The bankruptcy filing of Detroit us just a taste of things to come. Decades of mismanagement by politicians who gave people what they thought they deserved instead of being good stewards of the peoples money. Now a once great city is a burned out shell of it's former glory. The Motor City is no longer running on all cylinders. What was once the fourth largest city in the United States has falling into ruins. 1.8 million people at it's peak now barely cresting 700,000. 80,000+ distressed and abandoned properties.

How did this happen? It's simple, greed. Not greed from the big bad corporations that all the liberals seem to love blaming. Greed from people who didn't want to work for their 'just rewards'. During times of economic boon unions held a knife to the throat of the businesses and municipality to cement benefits and pensions long into their golden years. Benefits that at the time seemed sustainable. Benefits that were very, very lucrative to employees yet didn't account for future economic adjustments. The results are what we see now, large municipalities filing for bankruptcy protection from those same UNFUNDED LIABILITIES.

Unfunded Liability is defined as: The amount, at any given time, by which future payment obligations exceed the present value of funds available to pay them. For example, a pension plan's payment obligations, including all income, death and termination benefits owed, are compared to the plan's present investment experience, and if the total plan obligations exceed the projected plan assets at any point in time, the plan has an unfunded liability.

I worked in a union, so before any of my unionized readers start running your pie hole, I saw the waste and abuses that run rampant. And, to up the difficulty rating, I worked in a SMALL union operation. As a matter of fact, the very same union that Congressman Mike Michuad worked in, although Mike didn't work all that hard. My boss at the time told me all Mike ever did was punch in and politic on the phone with his feet up and I'll be damned that's all I ever saw him do too. It took them over a year to get rid of a guy that showed up drunk for his shift all the time. There was a guy that walked around with a box all day to make it look like he was busy. There was a guy, that I shit you not, could sleep standing up! And guess who the union spent all its time defending? The sick, lame and lazy. I was told by older guys that they didn't have to work hard, that I was last in first out (hiring order). Seniority ruled so a lot of the older guys did little to nothing. They were safe. Us young guys had to pick up the slack or we'd be the first out the door. And those bastards had the nerve to call the bosses greedy.

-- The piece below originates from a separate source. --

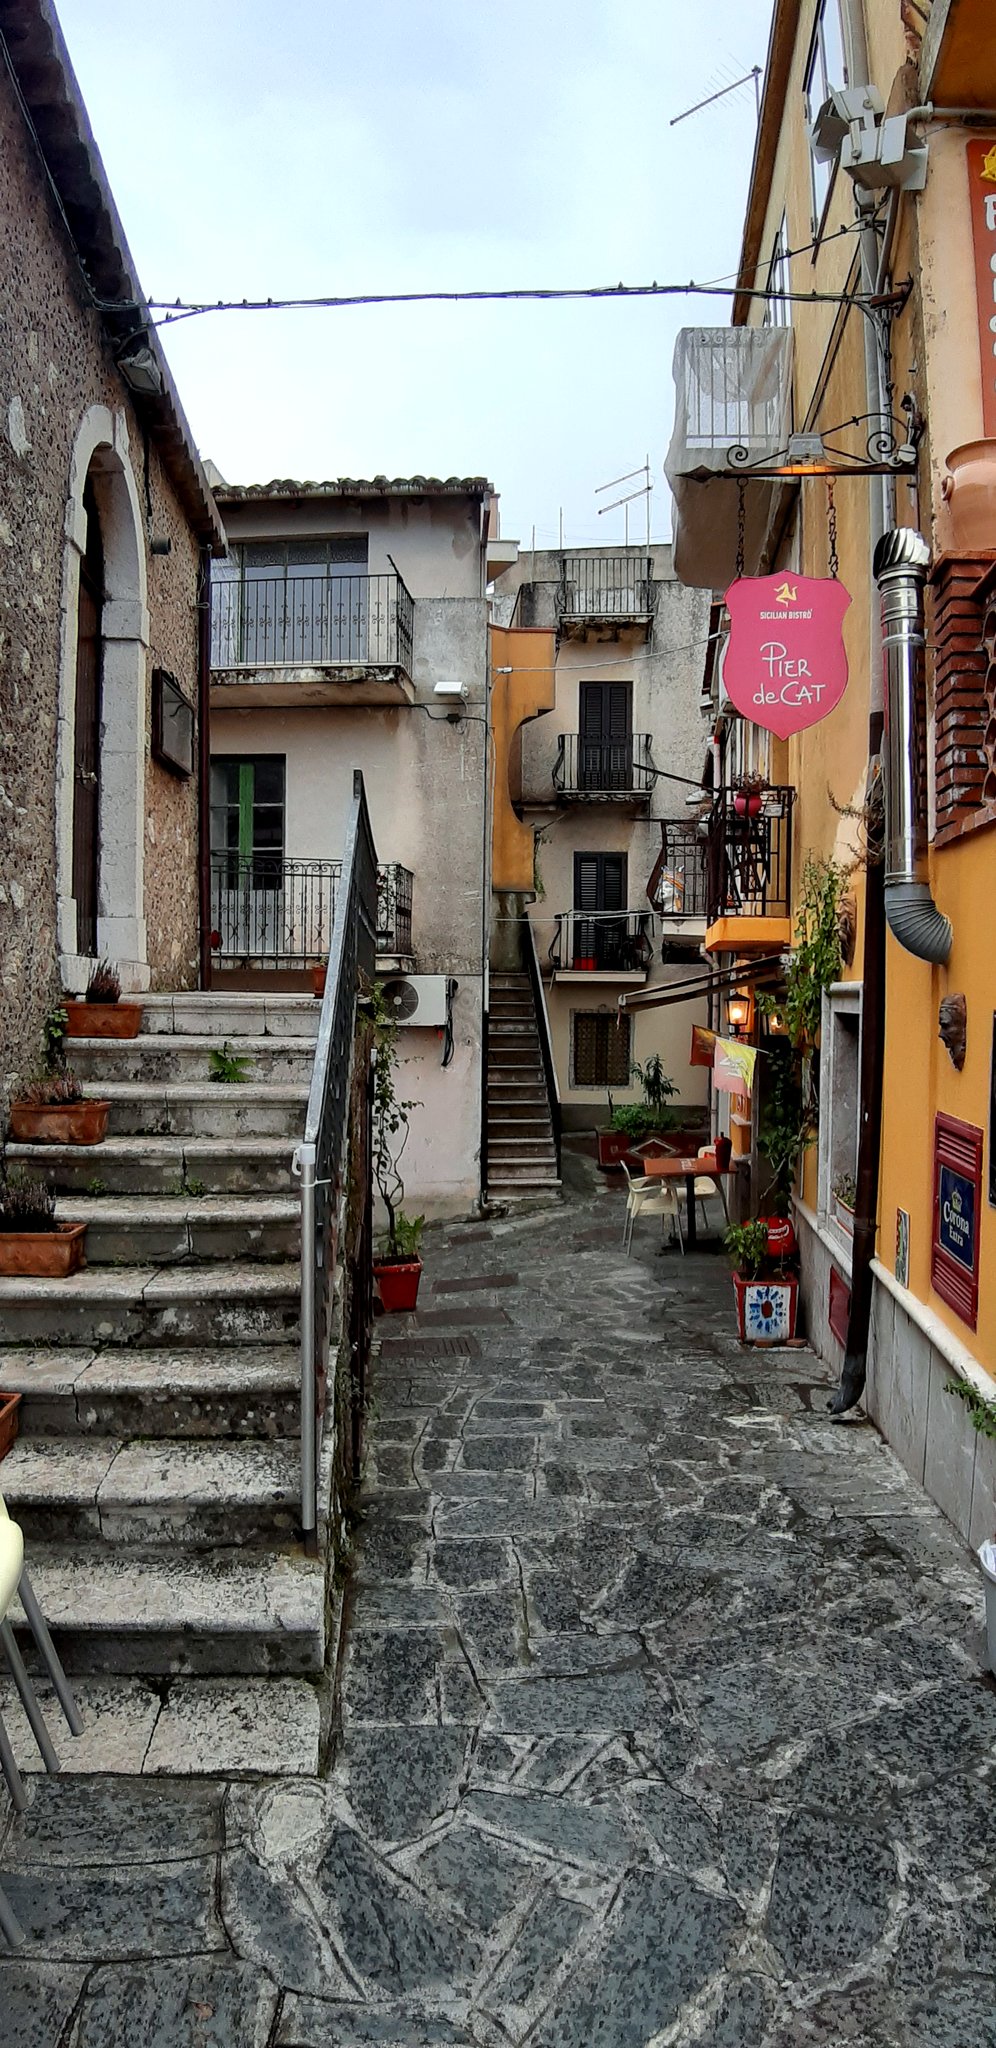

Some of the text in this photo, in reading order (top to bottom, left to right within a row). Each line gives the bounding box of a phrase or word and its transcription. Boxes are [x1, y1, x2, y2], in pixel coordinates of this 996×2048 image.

[760, 611, 787, 620] SICILIAN
[760, 641, 812, 678] PIER
[943, 1201, 970, 1236] Corona
[949, 1225, 963, 1247] Extra

So, since these companies started to notice the young people busting their asses and the older ones gearing up for their big fat negotiated pension plans, they found it more lucrative to close up shop and move away. How can we blame them for that? The problem in Detroit was that these big bad companies were the ones paying the lion's share of the taxes in that city. So, when they packed up and moved, so did their money. And workers. And their money. The municipality kept right on chugging along like nothing was going on. Spending money on projected tax earnings that were based on the big bad companies hanging around spending their money and the workers hanging around and spending theirs. It has taken years for it to catch up to them, but it has...in a big way. Now, before you jump up and down, look up Detroit's liabilities. Over $12 billion of the $18.5 billion debt they are hoping to get bankrupcy help with are directly related to employment liabilities.

But...

In the heyday of Detroit the MUNICIPAL unions did the same thing that the big bad company unions did. Mandatory staffing levels, special pension rules (25yrs and 55yrs old full pension) lifetime medical benefits. Now that the city is a shadow of what it once was, these opulent benefits are crushing it under it's weight. The unions don't want to even talk about cuts. These benefits were hard fought and won (in a better time mind you). Women and men suffered in times of strike (when the company and municipality wasn't in a good position to bargain). The city made investments that someone ill equipped to judge investment potential and borrowed money for it. Some of those investments were never fully realized due to the mass exodus from portions of the city. Parks that were abandoned, infrastructure improvments no longer needed and other well-meaning yet poorly executed projects.

What does all this mean to me? I mean I'm from Maine and pretty much insulated from the sewage from Detroit. I'll tell ya what it means to me. I'm watching my federal government run the same way Detroit was being run. My federal government is hemorrhaging money so fast it has to have the Federal Reserve print $85 million a week and add it to the national money fund just to keep itself running. They are propping up a house of cards with more and more cards, eventually it's all coming down...just like Detroit. You know what the difference is between a criminal and a politician? A politician can steal from you and there is nothing you can do about it.

That's my two cents, spend 'em or put 'em in the dish for the next person.